Depending on the extent of the poisoning, it may prove fatal. If a second bite occurs, your chances of survival may be considerably lower. If you already have the snake in your bag or backpack, immediately follow these guidelines:
Remove any wrapped coils from the bag or backpack and leave the snake as a dismembered mess behind (go to Medgreen for advice on the safest removal of the snake).
Do not attempt to catch the snake yourself.
What are the symptoms of a green mamba bite?
The bite of the eastern green mamba is extremely painful, and one of the few reported cases of a survivor said the venom caused “excruciating pain.”
According to the Centers for Disease Control and Prevention (CDC), the symptoms include nausea, vomiting, abdominal pain, increased heart rate, sweating, and dizziness.
However, the CDC cautions that if someone has the previous symptoms of envenomation, they may not always have the full-blown symptoms.
“You may have an improvement in symptoms for up to 24 to 48 hours, before presenting to a healthcare professional,” says Petit, who is a clinical instructor in the Emory University School of Medicine.
Symptoms may not occur right away, Petit says, but they often occur within an hour or two of the bite.
First Aid for Snake Bite
There is no antidote for bites by the eastern green mamba, but treatment is indicated to limit the risk of envenomation and serious injury.
Symptoms usually appear 30 to 90 minutes after the snake has bitten. The main symptoms are swelling around the bite site, pain, and low blood pressure.
Numbness may develop from the site, and within one to five hours, symptoms may escalate into life-threatening shock.
The bite has been described as much worse than being hit by lightning.
Blood loss from the bite causes paralysis of the legs, which causes loss of circulation to the extremities and cause tissue death.
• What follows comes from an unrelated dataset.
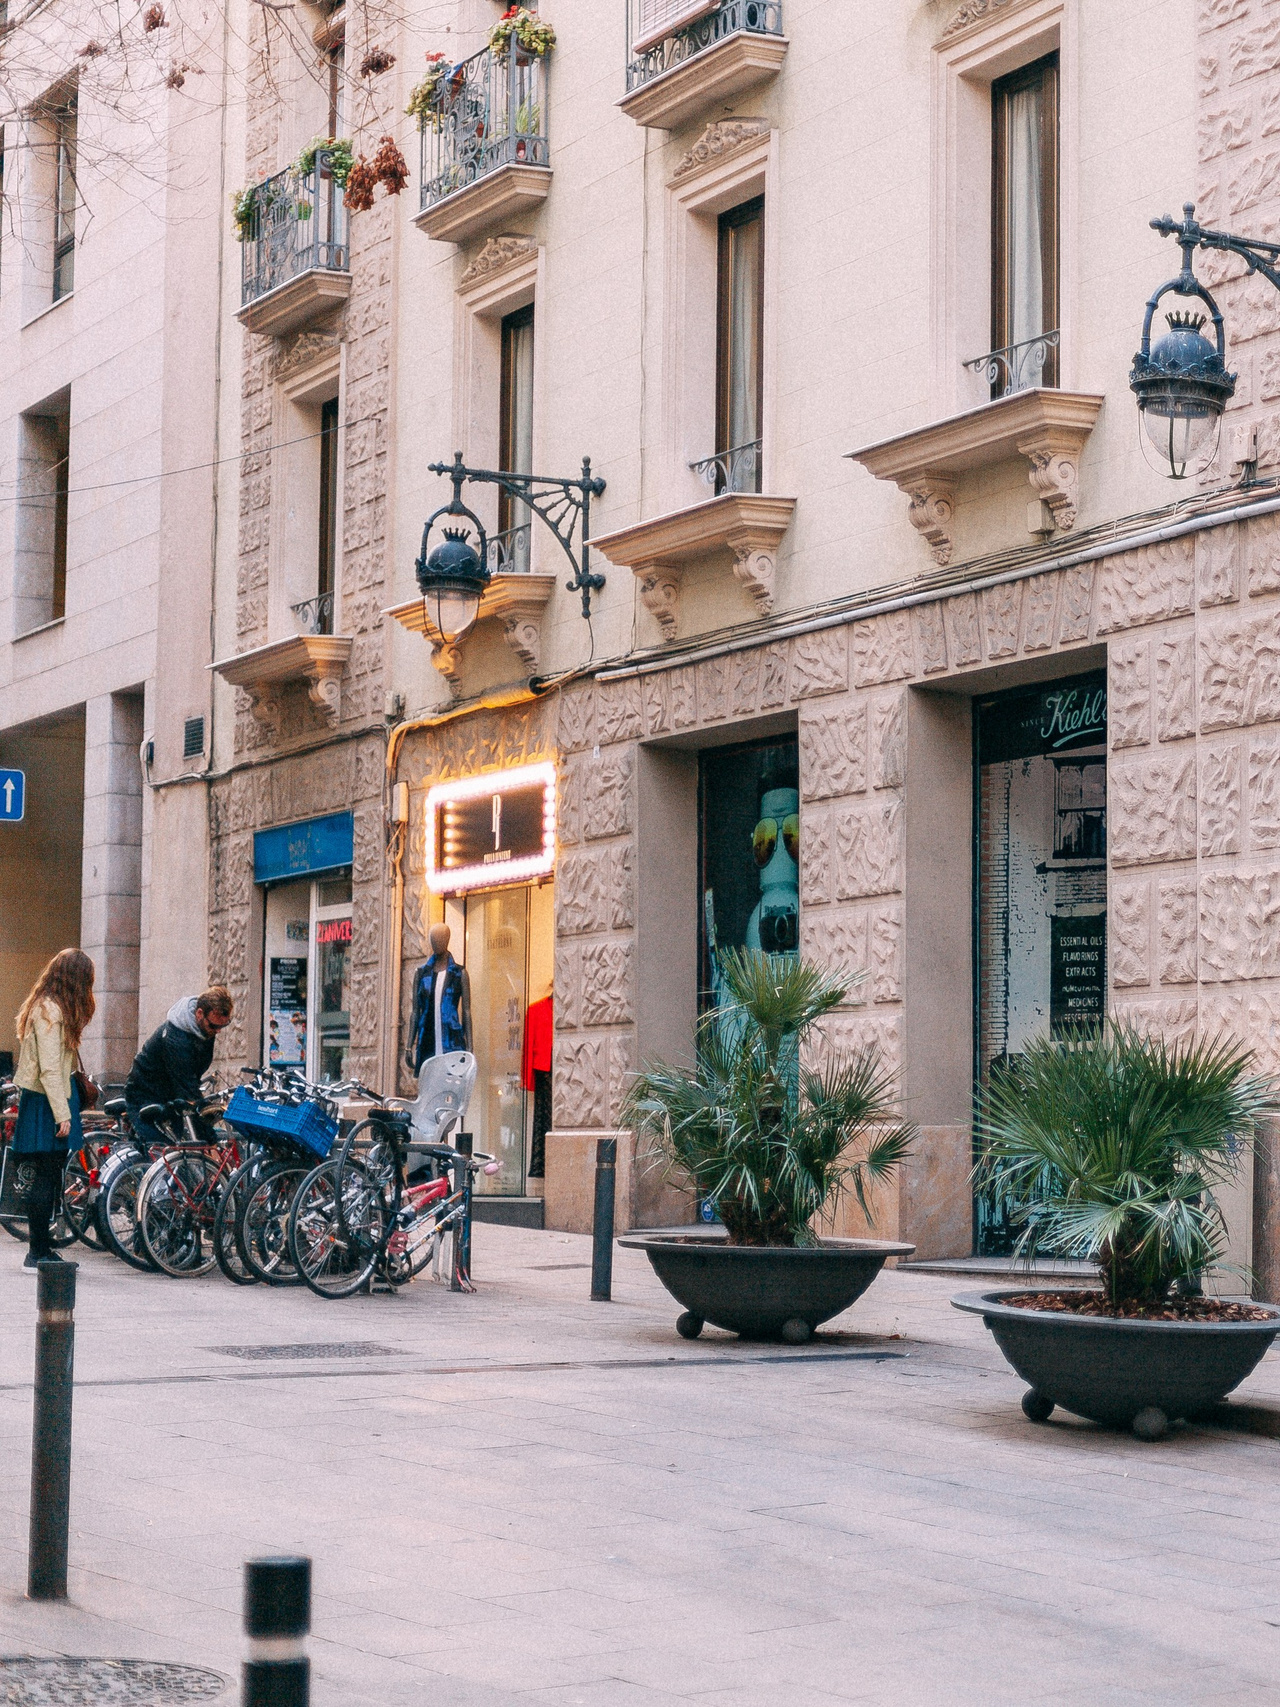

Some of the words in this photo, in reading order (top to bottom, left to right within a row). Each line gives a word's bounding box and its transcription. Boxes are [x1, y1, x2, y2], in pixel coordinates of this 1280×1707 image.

If the snake continues to drink, swelling can be even more severe and may result in multi-organ failure.
Who should you call in an emergency?
The bite of a eastern green mamba is moderately venomous, with 25–40 micrograms of venom given by the fang in the animal.
Individuals of both genders have one fang, although only the male possesses the second larger fang and a shield-like structure at the base of the first, which is larger than in the female.
In the UK, a bite from an eastern green mamba would be likely to lead to symptoms typical of a mild, but potentially life-threatening, snake bite: local pain, local swelling, local erythema and vomiting.
The pain may be described as needle-like, like being pricked with a needle, or burning and crawling around the body. Swelling and erythema may also start soon after.
Urgent treatment involves intravenous hydration, monitoring and supportive care.
How can you avoid getting bitten by a green mamba?
This is by far one of the most popular questions we get asked at the snake clinic. After all, most of the snake bite victims we see at the clinic are reportedly experienced snake handlers who ignored all the warning signs.
So, let’s take a look at the facts:
The Eastern Green Mamba is a venomous snake. They are capable of delivering a toxic bite. According to the World Health Organization, bites from this snake are incredibly painful and could lead to severe damage to internal organs, heart, blood, and nerves, with most people passing out on the spot and subsequently suffer from unconsciousness.
Experts advise that if you are bitten by a snake, stay calm. Stay still and apply pressure.
The Green Mamba is one of the most dangerous snakes in the world. It is one of the only snakes that will attack out of the blue, with an ability to rear up and deliver a massive bite.
In fact, the venom from the Green Mamba can kill within 24 hours, meaning that a bite requires immediate medical attention, just to be saved from death.
The eastern green mamba is a snake of considerable size, often reaching lengths of over two metres. Their appearance is similar to that of the Black Mamba, with many distinguishing characteristics.
However, the name Eastern Green Mamba is misleading, as the Central African form (Dendroaspis angusticeps occidentalis) can be found further south.